A matrix processing method using matrix index information.
6. The method of claim 5,

The step of loading the nonzero element value from the memory is

Loading, from the memory, an element to be multiplied with a non-zero element of the first target matrix from among the elements of the second target matrix by using the matrix index information

A matrix processing method using matrix index information.
7. The method of claim 6,

The first target matrix is a matrix including the weight value of the artificial neural network,

The second target matrix is a matrix including an element for determining whether to activate the weight value.

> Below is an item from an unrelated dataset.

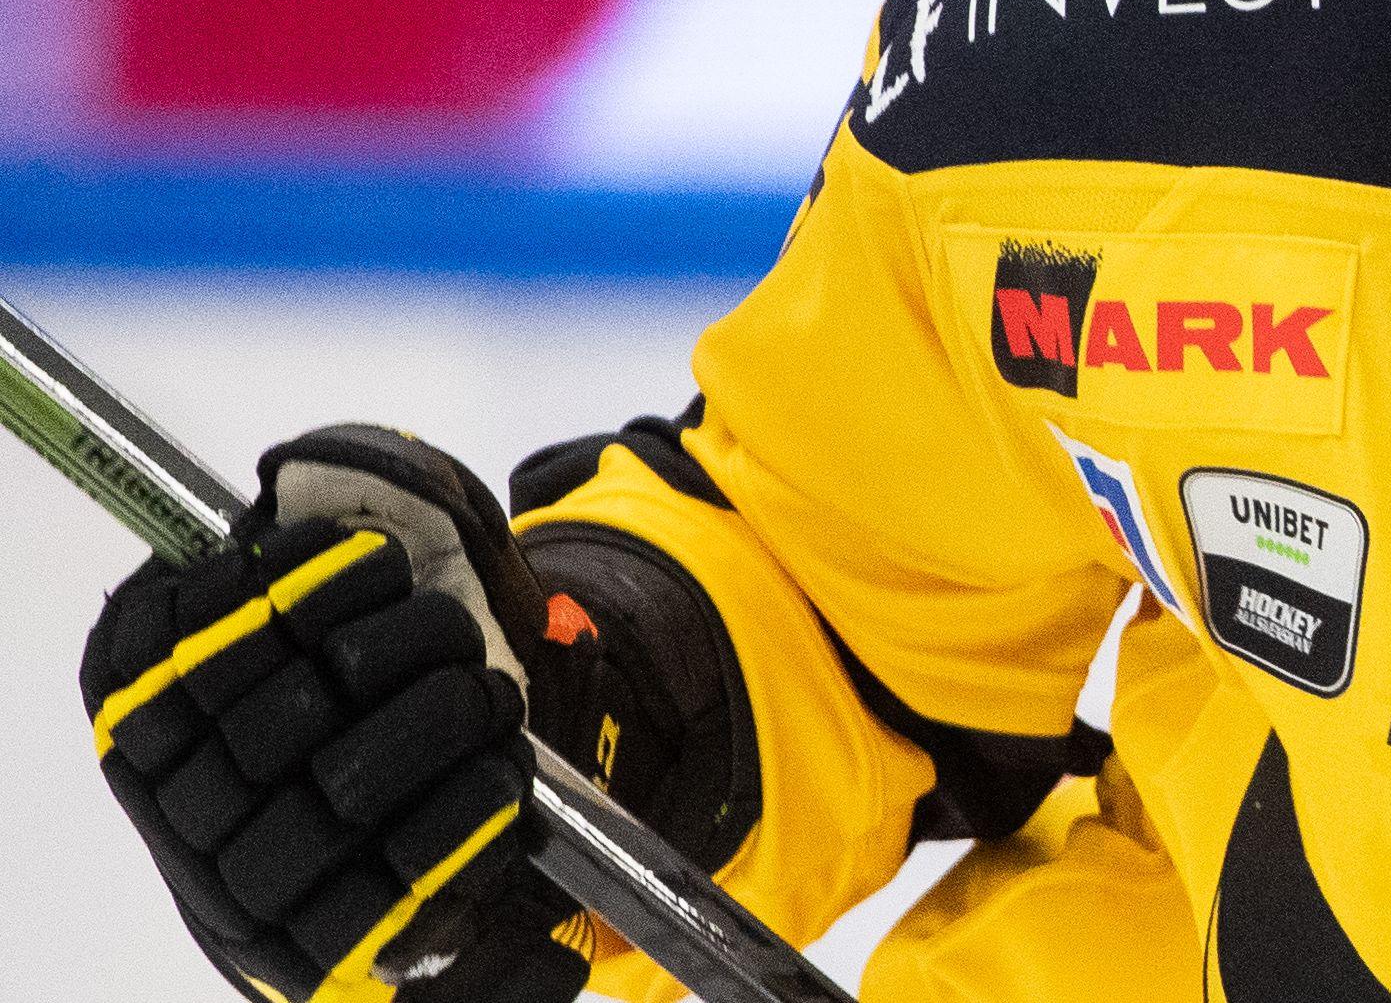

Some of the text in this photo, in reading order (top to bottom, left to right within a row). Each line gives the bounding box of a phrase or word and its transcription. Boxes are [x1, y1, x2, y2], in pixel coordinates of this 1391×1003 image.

[994, 286, 1334, 380] MARK
[1230, 495, 1330, 550] UNIBET
[1239, 585, 1322, 639] HOCKEY

A matrix processing method using matrix index information.
6. The method of claim 5,

The step of loading the nonzero element value from the memory is

Determining an address value for a non-zero element value of the first target matrix by using the matrix index information, and using the address value to load a non-zero element value of the first target matrix

A matrix processing method using matrix index information.
9. The method of claim 8,

The memory address value allocated to the non-zero element value has a continuous form according to a preset rule,

The step of loading the nonzero element value from the memory is

determining an address value for a non-zero element value of the first target matrix by using the number of non-zero element values loaded from the memory before non-zero element values of the first target matrix; and

Loading a non-zero element value of the first target matrix by using the address value

A matrix processing method using matrix index information including
6. The method of claim 5,

The step of loading the nonzero element value from the memory is

By using the matrix index information for the third target matrix, the nonzero element value of the third target matrix is loaded from the memory,

The step of transferring the loaded data to the operator is

transferring matrix index information for the first and third target matrices to the operator

A matrix processing method using matrix index information.
6. The method of claim 5,

The step of transferring the loaded data to the operator is

restoring the first target matrix by using the matrix index information and the non-zero element value; and

transferring the restored first target matrix to the operator

A matrix processing method using matrix index information including
6. The method of claim 5,

The step of transferring the loaded data to the operator is

comparing the number of operators with the number of non-zero elements; and

transmitting the loaded data to an operator according to the comparison result

A matrix processing method using matrix index information including
13. The method of claim 12,

The step of transferring the loaded data to the operator is

When the number of loaded non-zero element values is less than the number of operators, a non-zero element value loaded from the memory after a non-zero element value of the first target matrix is a non-zero element value of the first target matrix. to pass to the operator along with the value

A matrix processing method using matrix index information.
a bit stream generator which is allocated to each element of the target matrix and generates at least one bit stream including bits indicating position information of the element in the target matrix;

a data loading unit for loading a value of a non-zero element among the elements from a memory using the bit string; and

A calculator that performs an operation on the target matrix by using the loaded data

A matrix processing apparatus using matrix index information including
15. The method of claim 14,

The bit string is

a first bit string indicating information on the number of the non-zero elements; and

and a second bit string indicating the location information,

The second bit string is

including a bit corresponding to each position of an element in the target matrix

A matrix processing device using matrix index information.
15. The method of claim 14,

the memory is

Storing the bit string and the non-zero element value for the target matrix

A matrix processing device using matrix index information.